Task goal: Once you have located the line containing "this 1010×1500 image." in the material below, return it exactly along with each line after it through the line containing "Some of the words".

Input data:
»»
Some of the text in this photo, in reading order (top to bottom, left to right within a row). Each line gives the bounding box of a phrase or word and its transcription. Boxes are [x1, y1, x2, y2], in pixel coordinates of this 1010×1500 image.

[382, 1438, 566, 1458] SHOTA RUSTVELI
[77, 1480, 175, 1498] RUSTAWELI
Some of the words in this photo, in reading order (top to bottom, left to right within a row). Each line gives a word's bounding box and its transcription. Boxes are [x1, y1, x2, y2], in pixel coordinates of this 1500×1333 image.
««
»»
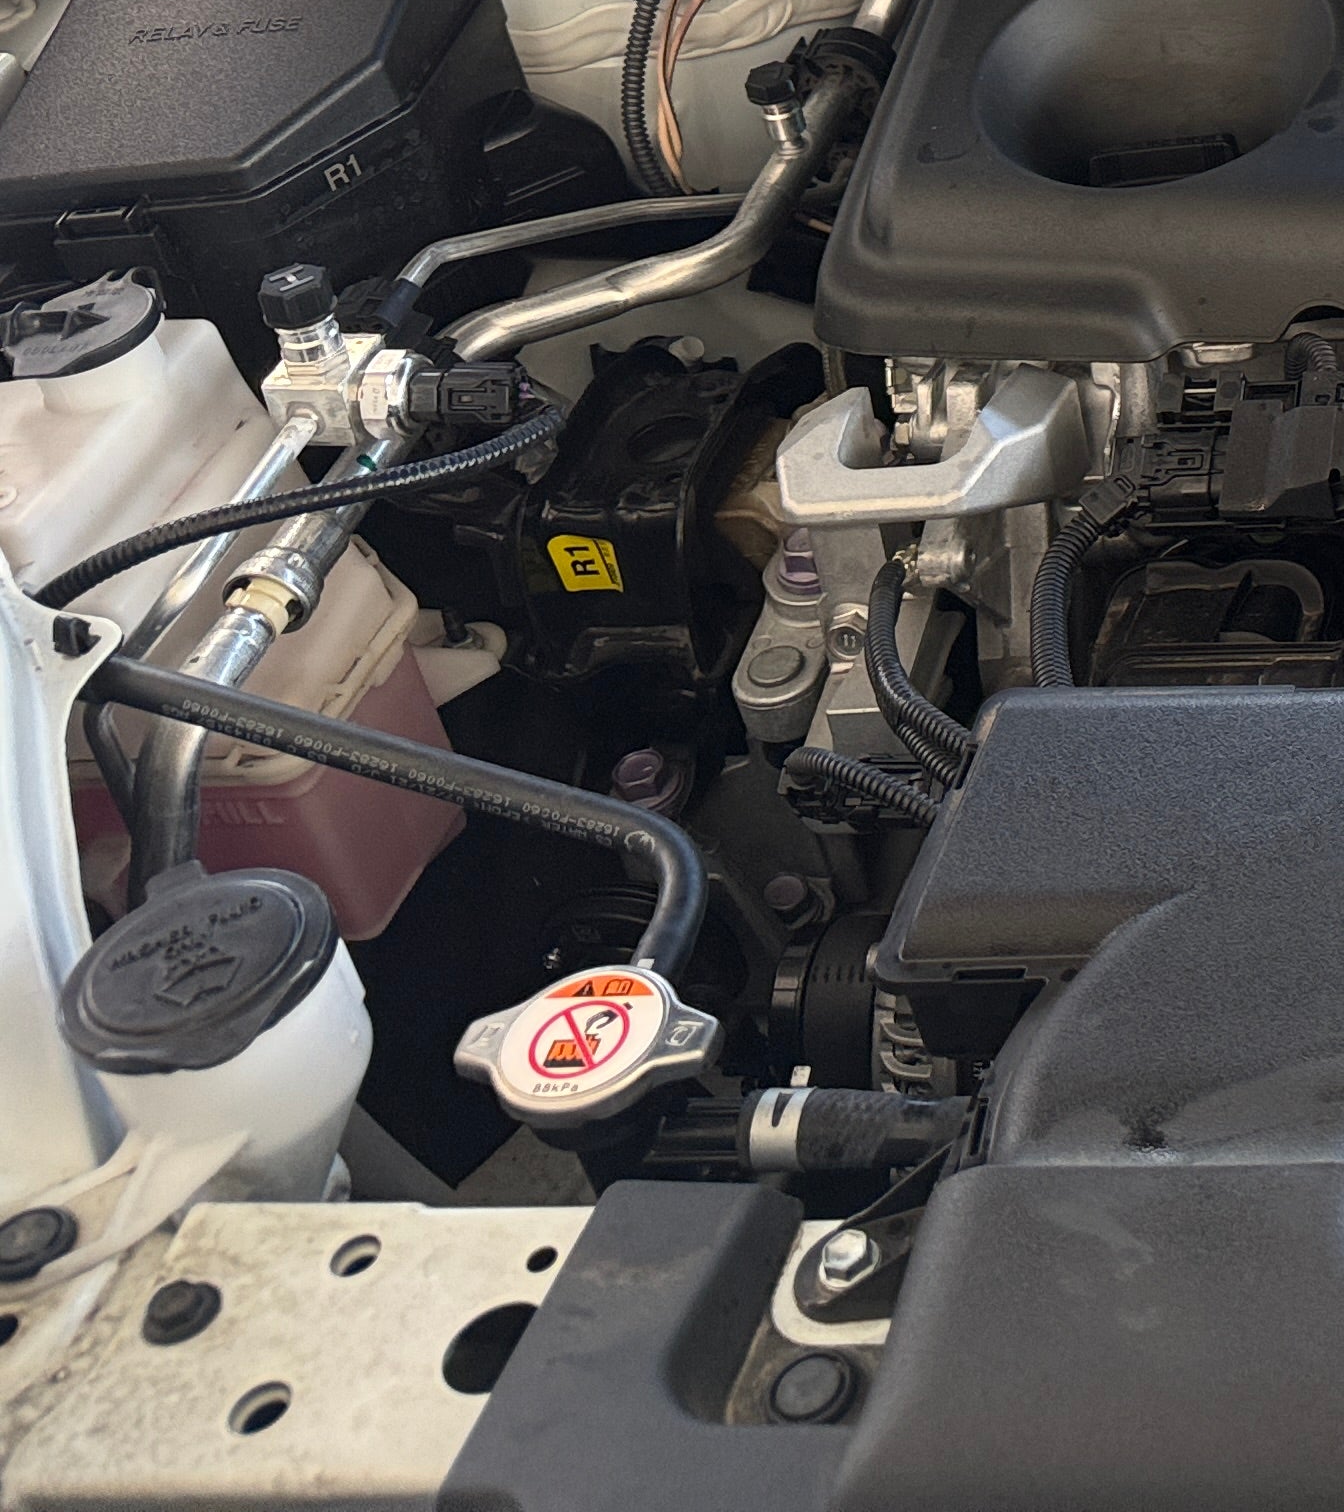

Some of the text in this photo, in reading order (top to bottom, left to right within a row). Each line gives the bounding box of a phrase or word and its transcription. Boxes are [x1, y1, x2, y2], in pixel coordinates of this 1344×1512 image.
««
Result of the exercise:
Some of the text in this photo, in reading order (top to bottom, left to right within a row). Each line gives the bounding box of a phrase or word and its transcription. Boxes are [x1, y1, x2, y2], in pixel coordinates of this 1010×1500 image.

[382, 1438, 566, 1458] SHOTA RUSTVELI
[77, 1480, 175, 1498] RUSTAWELI
Some of the words in this photo, in reading order (top to bottom, left to right within a row). Each line gives a word's bounding box and its transcription. Boxes are [x1, y1, x2, y2], in pixel coordinates of this 1500×1333 image.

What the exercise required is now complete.